------ Exercise inputs

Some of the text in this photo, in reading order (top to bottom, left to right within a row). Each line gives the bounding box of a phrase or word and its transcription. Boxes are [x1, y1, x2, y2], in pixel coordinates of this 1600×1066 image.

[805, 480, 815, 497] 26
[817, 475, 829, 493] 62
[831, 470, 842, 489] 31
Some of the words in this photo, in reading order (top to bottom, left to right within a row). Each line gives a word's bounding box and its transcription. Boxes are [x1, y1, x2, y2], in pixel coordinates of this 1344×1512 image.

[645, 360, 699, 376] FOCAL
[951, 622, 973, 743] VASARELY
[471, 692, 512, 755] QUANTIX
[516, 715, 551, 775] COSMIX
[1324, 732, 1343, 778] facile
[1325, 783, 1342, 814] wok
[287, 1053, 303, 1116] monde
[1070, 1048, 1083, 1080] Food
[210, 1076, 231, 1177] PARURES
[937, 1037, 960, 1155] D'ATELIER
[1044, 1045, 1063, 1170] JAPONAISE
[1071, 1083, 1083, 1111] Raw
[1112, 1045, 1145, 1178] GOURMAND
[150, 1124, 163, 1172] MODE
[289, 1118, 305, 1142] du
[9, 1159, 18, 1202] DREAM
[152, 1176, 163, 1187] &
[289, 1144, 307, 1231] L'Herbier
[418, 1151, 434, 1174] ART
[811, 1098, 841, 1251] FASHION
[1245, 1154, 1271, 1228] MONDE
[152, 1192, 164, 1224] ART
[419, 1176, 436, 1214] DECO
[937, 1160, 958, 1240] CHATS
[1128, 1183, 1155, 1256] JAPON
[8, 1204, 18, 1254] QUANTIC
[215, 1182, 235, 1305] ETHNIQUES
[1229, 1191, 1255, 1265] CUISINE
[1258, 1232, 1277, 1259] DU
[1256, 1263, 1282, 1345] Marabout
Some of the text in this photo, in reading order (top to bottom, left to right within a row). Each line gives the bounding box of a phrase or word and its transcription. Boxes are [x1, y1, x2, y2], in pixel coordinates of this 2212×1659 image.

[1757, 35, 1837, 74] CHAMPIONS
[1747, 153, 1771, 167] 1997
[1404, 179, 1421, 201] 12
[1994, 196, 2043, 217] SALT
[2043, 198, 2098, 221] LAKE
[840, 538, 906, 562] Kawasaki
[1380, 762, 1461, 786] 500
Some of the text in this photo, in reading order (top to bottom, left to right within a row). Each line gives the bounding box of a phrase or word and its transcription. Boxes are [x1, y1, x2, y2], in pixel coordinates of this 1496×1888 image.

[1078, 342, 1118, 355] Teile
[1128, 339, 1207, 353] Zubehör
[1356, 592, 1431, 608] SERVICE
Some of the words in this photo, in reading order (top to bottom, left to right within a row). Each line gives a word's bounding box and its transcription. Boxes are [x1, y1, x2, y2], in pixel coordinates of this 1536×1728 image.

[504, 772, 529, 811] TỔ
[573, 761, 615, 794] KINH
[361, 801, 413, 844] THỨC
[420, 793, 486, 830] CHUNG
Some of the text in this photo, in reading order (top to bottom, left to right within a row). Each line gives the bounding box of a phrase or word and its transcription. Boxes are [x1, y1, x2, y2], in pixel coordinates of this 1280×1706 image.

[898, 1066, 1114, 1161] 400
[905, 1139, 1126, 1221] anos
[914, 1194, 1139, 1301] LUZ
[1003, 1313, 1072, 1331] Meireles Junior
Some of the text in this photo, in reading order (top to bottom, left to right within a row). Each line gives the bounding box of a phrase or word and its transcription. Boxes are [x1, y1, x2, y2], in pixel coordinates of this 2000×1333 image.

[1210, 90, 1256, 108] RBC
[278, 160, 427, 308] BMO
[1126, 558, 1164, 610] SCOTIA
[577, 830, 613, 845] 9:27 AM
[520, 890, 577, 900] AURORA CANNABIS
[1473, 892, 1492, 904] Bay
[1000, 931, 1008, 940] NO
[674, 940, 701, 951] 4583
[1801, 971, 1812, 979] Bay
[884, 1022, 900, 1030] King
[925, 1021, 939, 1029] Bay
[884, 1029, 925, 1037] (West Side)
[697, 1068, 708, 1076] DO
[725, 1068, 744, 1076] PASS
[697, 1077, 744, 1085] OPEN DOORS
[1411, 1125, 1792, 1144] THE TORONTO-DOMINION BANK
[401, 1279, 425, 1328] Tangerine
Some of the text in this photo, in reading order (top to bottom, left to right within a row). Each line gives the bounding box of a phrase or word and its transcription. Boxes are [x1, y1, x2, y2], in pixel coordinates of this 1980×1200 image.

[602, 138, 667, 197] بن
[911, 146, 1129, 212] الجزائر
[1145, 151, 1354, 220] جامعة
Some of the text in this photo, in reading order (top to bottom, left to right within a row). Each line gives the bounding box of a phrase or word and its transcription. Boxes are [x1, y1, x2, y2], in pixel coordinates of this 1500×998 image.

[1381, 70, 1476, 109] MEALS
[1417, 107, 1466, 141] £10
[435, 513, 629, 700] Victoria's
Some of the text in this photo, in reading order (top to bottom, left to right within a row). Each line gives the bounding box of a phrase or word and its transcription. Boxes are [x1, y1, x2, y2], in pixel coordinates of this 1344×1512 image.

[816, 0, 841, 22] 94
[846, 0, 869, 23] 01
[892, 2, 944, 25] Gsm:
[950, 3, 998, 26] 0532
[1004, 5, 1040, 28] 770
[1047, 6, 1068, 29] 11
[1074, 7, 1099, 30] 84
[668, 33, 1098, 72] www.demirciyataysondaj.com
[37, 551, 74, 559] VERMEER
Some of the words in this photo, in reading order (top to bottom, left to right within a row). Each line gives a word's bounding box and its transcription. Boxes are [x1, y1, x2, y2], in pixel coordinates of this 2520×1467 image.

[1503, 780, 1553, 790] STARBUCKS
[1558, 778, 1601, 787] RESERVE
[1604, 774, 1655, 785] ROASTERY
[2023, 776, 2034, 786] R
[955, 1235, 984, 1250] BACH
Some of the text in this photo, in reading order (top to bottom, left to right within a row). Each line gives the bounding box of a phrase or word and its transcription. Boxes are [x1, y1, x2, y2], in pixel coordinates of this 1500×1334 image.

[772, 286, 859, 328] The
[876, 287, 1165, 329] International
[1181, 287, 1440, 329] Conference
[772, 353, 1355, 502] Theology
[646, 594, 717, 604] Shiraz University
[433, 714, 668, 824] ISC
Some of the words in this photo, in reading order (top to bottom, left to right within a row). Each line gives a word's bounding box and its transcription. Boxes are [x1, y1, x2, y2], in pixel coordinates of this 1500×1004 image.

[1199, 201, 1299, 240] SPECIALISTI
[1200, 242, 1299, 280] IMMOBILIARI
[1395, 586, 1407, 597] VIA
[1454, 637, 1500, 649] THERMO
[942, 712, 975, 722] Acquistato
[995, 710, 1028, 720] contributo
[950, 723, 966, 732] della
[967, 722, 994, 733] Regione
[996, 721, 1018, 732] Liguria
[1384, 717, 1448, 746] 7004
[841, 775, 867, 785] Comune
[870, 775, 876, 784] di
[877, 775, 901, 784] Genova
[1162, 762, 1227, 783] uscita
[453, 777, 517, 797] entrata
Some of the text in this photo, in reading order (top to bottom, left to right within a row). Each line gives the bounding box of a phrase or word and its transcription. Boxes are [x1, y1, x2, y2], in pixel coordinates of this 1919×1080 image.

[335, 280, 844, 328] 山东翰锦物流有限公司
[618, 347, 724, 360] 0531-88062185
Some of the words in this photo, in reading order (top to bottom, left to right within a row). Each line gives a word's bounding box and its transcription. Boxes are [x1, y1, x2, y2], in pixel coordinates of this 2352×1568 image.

------------

**Work order**
The answer must be the complete set of entries, retyped exactly.

**Reply**
Some of the text in this photo, in reading order (top to bottom, left to right within a row). Each line gives the bounding box of a phrase or word and its transcription. Boxes are [x1, y1, x2, y2], in pixel coordinates of this 1600×1066 image.

[805, 480, 815, 497] 26
[817, 475, 829, 493] 62
[831, 470, 842, 489] 31
Some of the words in this photo, in reading order (top to bottom, left to right within a row). Each line gives a word's bounding box and its transcription. Boxes are [x1, y1, x2, y2], in pixel coordinates of this 1344×1512 image.

[645, 360, 699, 376] FOCAL
[951, 622, 973, 743] VASARELY
[471, 692, 512, 755] QUANTIX
[516, 715, 551, 775] COSMIX
[1324, 732, 1343, 778] facile
[1325, 783, 1342, 814] wok
[287, 1053, 303, 1116] monde
[1070, 1048, 1083, 1080] Food
[210, 1076, 231, 1177] PARURES
[937, 1037, 960, 1155] D'ATELIER
[1044, 1045, 1063, 1170] JAPONAISE
[1071, 1083, 1083, 1111] Raw
[1112, 1045, 1145, 1178] GOURMAND
[150, 1124, 163, 1172] MODE
[289, 1118, 305, 1142] du
[9, 1159, 18, 1202] DREAM
[152, 1176, 163, 1187] &
[289, 1144, 307, 1231] L'Herbier
[418, 1151, 434, 1174] ART
[811, 1098, 841, 1251] FASHION
[1245, 1154, 1271, 1228] MONDE
[152, 1192, 164, 1224] ART
[419, 1176, 436, 1214] DECO
[937, 1160, 958, 1240] CHATS
[1128, 1183, 1155, 1256] JAPON
[8, 1204, 18, 1254] QUANTIC
[215, 1182, 235, 1305] ETHNIQUES
[1229, 1191, 1255, 1265] CUISINE
[1258, 1232, 1277, 1259] DU
[1256, 1263, 1282, 1345] Marabout
Some of the text in this photo, in reading order (top to bottom, left to right within a row). Each line gives the bounding box of a phrase or word and its transcription. Boxes are [x1, y1, x2, y2], in pixel coordinates of this 2212×1659 image.

[1757, 35, 1837, 74] CHAMPIONS
[1747, 153, 1771, 167] 1997
[1404, 179, 1421, 201] 12
[1994, 196, 2043, 217] SALT
[2043, 198, 2098, 221] LAKE
[840, 538, 906, 562] Kawasaki
[1380, 762, 1461, 786] 500
Some of the text in this photo, in reading order (top to bottom, left to right within a row). Each line gives the bounding box of a phrase or word and its transcription. Boxes are [x1, y1, x2, y2], in pixel coordinates of this 1496×1888 image.

[1078, 342, 1118, 355] Teile
[1128, 339, 1207, 353] Zubehör
[1356, 592, 1431, 608] SERVICE
Some of the words in this photo, in reading order (top to bottom, left to right within a row). Each line gives a word's bounding box and its transcription. Boxes are [x1, y1, x2, y2], in pixel coordinates of this 1536×1728 image.

[504, 772, 529, 811] TỔ
[573, 761, 615, 794] KINH
[361, 801, 413, 844] THỨC
[420, 793, 486, 830] CHUNG
Some of the text in this photo, in reading order (top to bottom, left to right within a row). Each line gives the bounding box of a phrase or word and its transcription. Boxes are [x1, y1, x2, y2], in pixel coordinates of this 1280×1706 image.

[898, 1066, 1114, 1161] 400
[905, 1139, 1126, 1221] anos
[914, 1194, 1139, 1301] LUZ
[1003, 1313, 1072, 1331] Meireles Junior
Some of the text in this photo, in reading order (top to bottom, left to right within a row). Each line gives the bounding box of a phrase or word and its transcription. Boxes are [x1, y1, x2, y2], in pixel coordinates of this 2000×1333 image.

[1210, 90, 1256, 108] RBC
[278, 160, 427, 308] BMO
[1126, 558, 1164, 610] SCOTIA
[577, 830, 613, 845] 9:27 AM
[520, 890, 577, 900] AURORA CANNABIS
[1473, 892, 1492, 904] Bay
[1000, 931, 1008, 940] NO
[674, 940, 701, 951] 4583
[1801, 971, 1812, 979] Bay
[884, 1022, 900, 1030] King
[925, 1021, 939, 1029] Bay
[884, 1029, 925, 1037] (West Side)
[697, 1068, 708, 1076] DO
[725, 1068, 744, 1076] PASS
[697, 1077, 744, 1085] OPEN DOORS
[1411, 1125, 1792, 1144] THE TORONTO-DOMINION BANK
[401, 1279, 425, 1328] Tangerine
Some of the text in this photo, in reading order (top to bottom, left to right within a row). Each line gives the bounding box of a phrase or word and its transcription. Boxes are [x1, y1, x2, y2], in pixel coordinates of this 1980×1200 image.

[602, 138, 667, 197] بن
[911, 146, 1129, 212] الجزائر
[1145, 151, 1354, 220] جامعة
Some of the text in this photo, in reading order (top to bottom, left to right within a row). Each line gives the bounding box of a phrase or word and its transcription. Boxes are [x1, y1, x2, y2], in pixel coordinates of this 1500×998 image.

[1381, 70, 1476, 109] MEALS
[1417, 107, 1466, 141] £10
[435, 513, 629, 700] Victoria's
Some of the text in this photo, in reading order (top to bottom, left to right within a row). Each line gives the bounding box of a phrase or word and its transcription. Boxes are [x1, y1, x2, y2], in pixel coordinates of this 1344×1512 image.

[816, 0, 841, 22] 94
[846, 0, 869, 23] 01
[892, 2, 944, 25] Gsm:
[950, 3, 998, 26] 0532
[1004, 5, 1040, 28] 770
[1047, 6, 1068, 29] 11
[1074, 7, 1099, 30] 84
[668, 33, 1098, 72] www.demirciyataysondaj.com
[37, 551, 74, 559] VERMEER
Some of the words in this photo, in reading order (top to bottom, left to right within a row). Each line gives a word's bounding box and its transcription. Boxes are [x1, y1, x2, y2], in pixel coordinates of this 2520×1467 image.

[1503, 780, 1553, 790] STARBUCKS
[1558, 778, 1601, 787] RESERVE
[1604, 774, 1655, 785] ROASTERY
[2023, 776, 2034, 786] R
[955, 1235, 984, 1250] BACH
Some of the text in this photo, in reading order (top to bottom, left to right within a row). Each line gives the bounding box of a phrase or word and its transcription. Boxes are [x1, y1, x2, y2], in pixel coordinates of this 1500×1334 image.

[772, 286, 859, 328] The
[876, 287, 1165, 329] International
[1181, 287, 1440, 329] Conference
[772, 353, 1355, 502] Theology
[646, 594, 717, 604] Shiraz University
[433, 714, 668, 824] ISC
Some of the words in this photo, in reading order (top to bottom, left to right within a row). Each line gives a word's bounding box and its transcription. Boxes are [x1, y1, x2, y2], in pixel coordinates of this 1500×1004 image.

[1199, 201, 1299, 240] SPECIALISTI
[1200, 242, 1299, 280] IMMOBILIARI
[1395, 586, 1407, 597] VIA
[1454, 637, 1500, 649] THERMO
[942, 712, 975, 722] Acquistato
[995, 710, 1028, 720] contributo
[950, 723, 966, 732] della
[967, 722, 994, 733] Regione
[996, 721, 1018, 732] Liguria
[1384, 717, 1448, 746] 7004
[841, 775, 867, 785] Comune
[870, 775, 876, 784] di
[877, 775, 901, 784] Genova
[1162, 762, 1227, 783] uscita
[453, 777, 517, 797] entrata
Some of the text in this photo, in reading order (top to bottom, left to right within a row). Each line gives the bounding box of a phrase or word and its transcription. Boxes are [x1, y1, x2, y2], in pixel coordinates of this 1919×1080 image.

[335, 280, 844, 328] 山东翰锦物流有限公司
[618, 347, 724, 360] 0531-88062185
Some of the words in this photo, in reading order (top to bottom, left to right within a row). Each line gives a word's bounding box and its transcription. Boxes are [x1, y1, x2, y2], in pixel coordinates of this 2352×1568 image.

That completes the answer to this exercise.